I found myself asking this after an election. Perhaps I especially ask it after this election due to the results or the aftermath… but this isn’t about that.
I often ask it when my team loses. I asked it often yesterday following a succession of losses…but this isn’t about that.
I frequently ask it at work. I keep asking it this morning as I fight my way through the 100+ chairs stacked in my office this morning…but this isn’t about that.
By now you can see that I have a “Why?” chromosome. I’m not always sure why things are happening the way that they are. I’m not always sure why I should keep fighting the same battles over and over. I’m not always sure why I should get get out of bed in the morning just to fall into the same routine. I’m not always sure…and there are times when I’m not even sure.

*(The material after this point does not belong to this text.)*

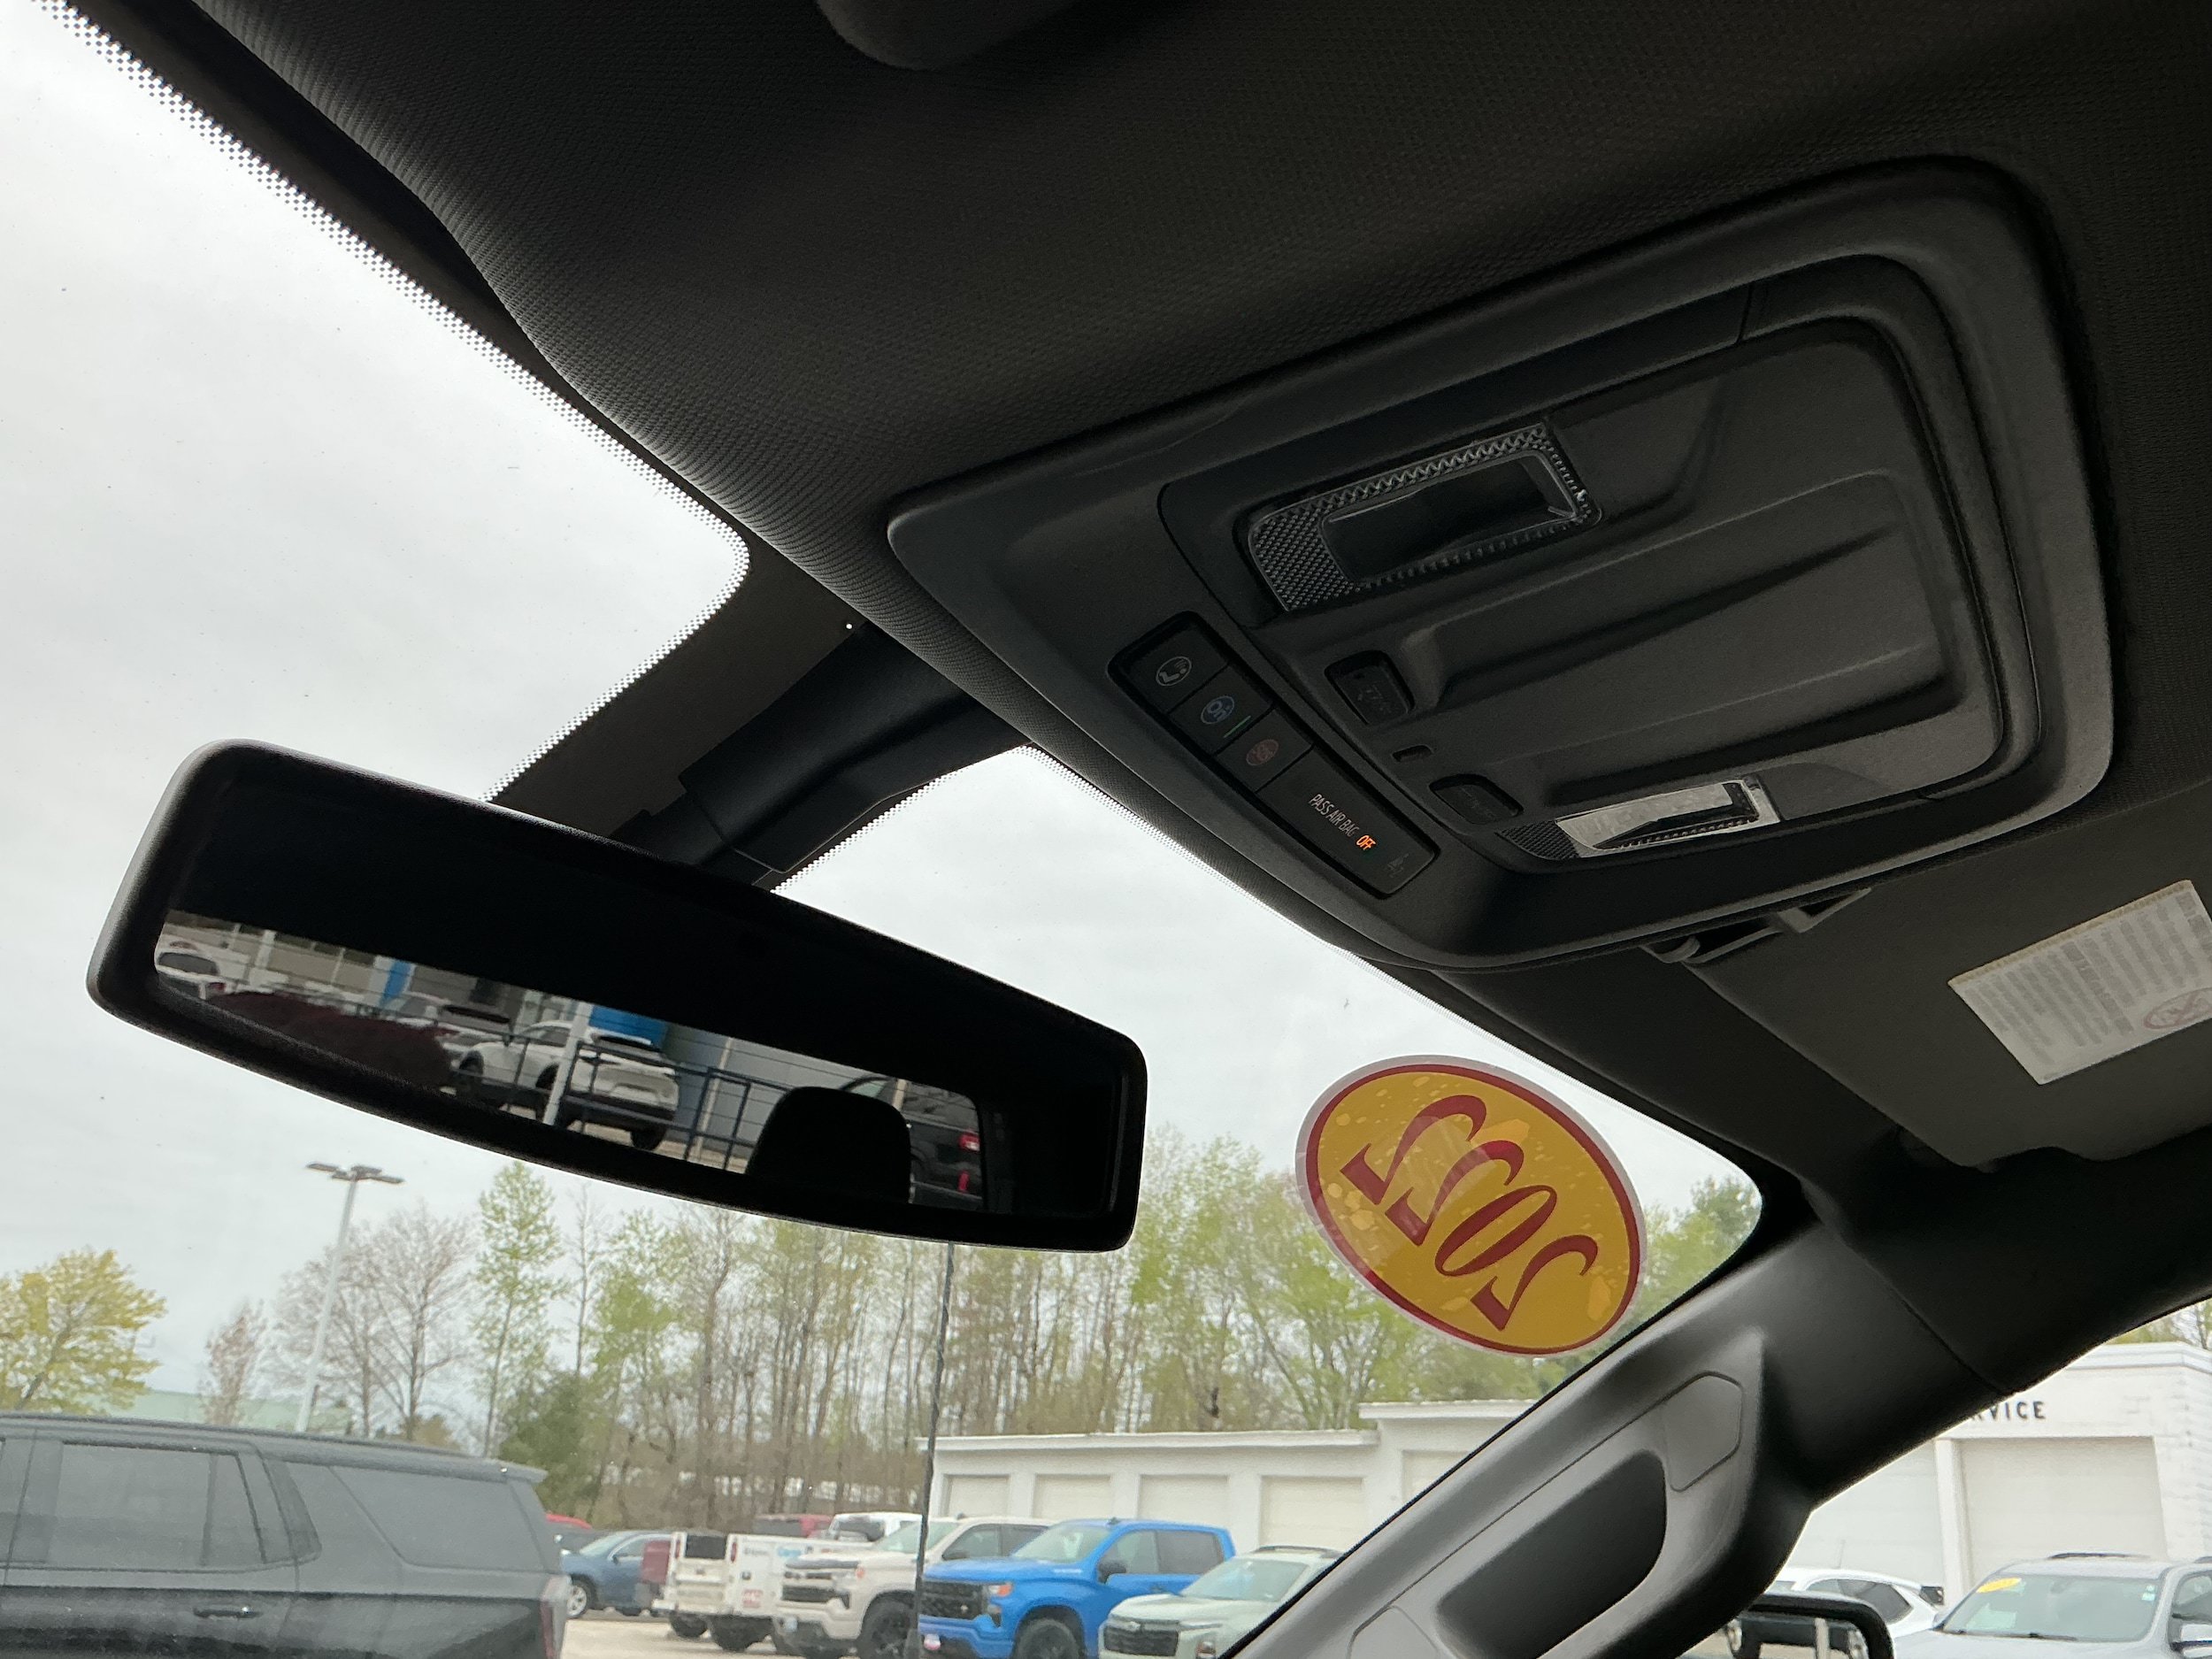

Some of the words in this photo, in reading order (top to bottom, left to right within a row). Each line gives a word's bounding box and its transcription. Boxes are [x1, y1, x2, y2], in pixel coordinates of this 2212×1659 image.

I don’t have all the answers. If that’s what you need or what you are expecting, this blog will most likely be a huge disappointment to you. All I can do is ponder with the pixels on the screens, and for this, the best I can come up with is that someone is watching. I never know for certain who they are, but I’m convinced that we all have them watching. Now don’t take this as some sort of conspiracy theory rant, it isn’t that. Nor is it paranoia. It’s just the knowledge that I was watching someone to see how to get through. Now it’s my turn. I’ve got to just put my head down and walk into the storm. And know that at least if I grow weary, for today I’ve got a chair in which to sit!